"He asked me if, as space expands, we all get bigger too," says Price. "I knew the standard answer was 'no', but I couldn't explain why not. And when I consulted my colleagues, neither could they."
So he decided to investigate:
Since atoms are made up mostly of empty space, with electrons "orbiting" the nucleus at distances typically many hundreds of times its diameter, it seemed reasonable to ask whether the electrons would be dragged away from the nucleus by the stretching of space. Price decided to examine the simplest system, that of a hydrogen atom, with one negative electron orbiting a positive proton. He found if the force involved - electromagnetic in the case of atoms - binding the system together is stronger than a certain critical value, the system will be entirely unaffected by the cosmological expansion.
What does it all mean you ask:
"This means that the solar system - which is quite tightly bound by gravity - doesn't expand. Your desk doesn't expand. Your dog doesn't expand," says Price. "But clusters of galaxies, which are only loosely bound by gravity, will feel this effect."
Price also found that the atoms never experience just a little stretching - either they must totally ignore the expansion of the universe or they will be completely torn apart. "This all-or-nothing effect is a startling result," says Roy Maartens, a cosmologist at the University of Portsmouth in the UK. "This question has been knocking around since the 1930s, but nobody has found this before."
The moral of the story, to me, is that you should try to explain science to as many people as possible, because the questions they ask may lead you to some interesting research.
Actually there is a second moral of the story:
Andrew Jaffe, an astrophysicist at Imperial College London in the UK believes the effect becomes interesting in so-called "big rip" cosmologies in which the universe is not only expanding, but the expansion is accelerating.
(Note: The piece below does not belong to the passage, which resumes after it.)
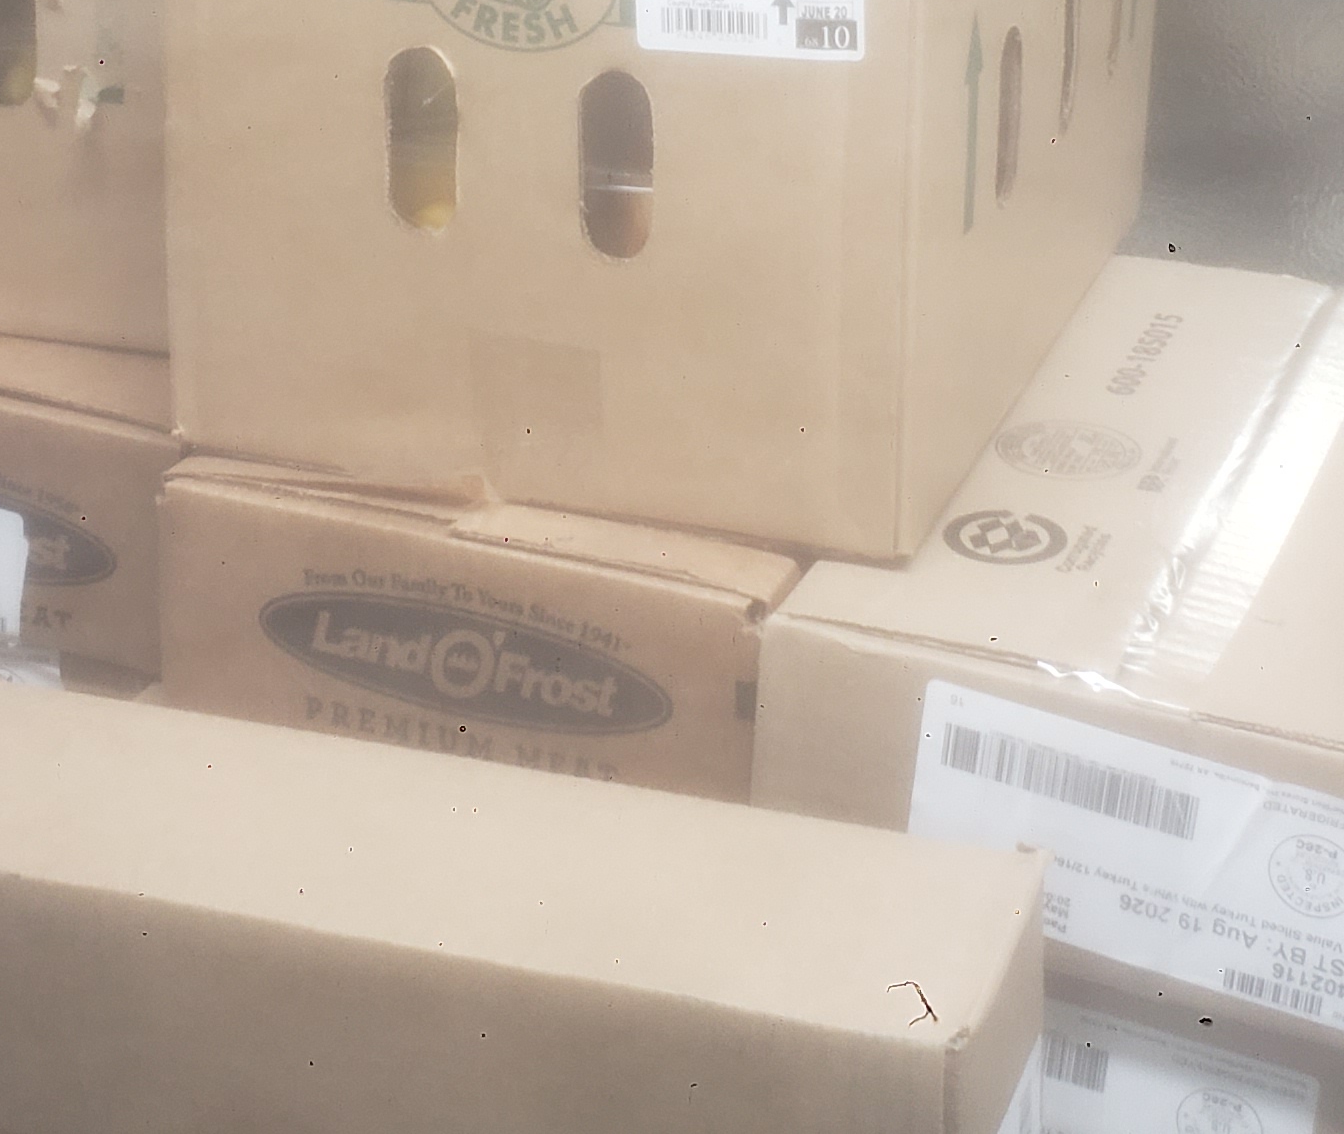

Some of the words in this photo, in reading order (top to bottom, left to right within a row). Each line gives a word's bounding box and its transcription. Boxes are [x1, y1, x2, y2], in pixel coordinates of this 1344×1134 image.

"Price's calculation still holds in this case, but you start to see the opposite effect," says Jaffe. The expansion of the universe accelerates drastically. First it overpowers gravity, ripping apart solar systems, and next the electromagnetic forces are overwhelmed. "The planets are torn apart, and then you and me, and finally the atoms that make us up are destroyed," says Jaffe. "That's not a particularly fun way to end."
Now if we could only get a restauraunt at the end of the universe...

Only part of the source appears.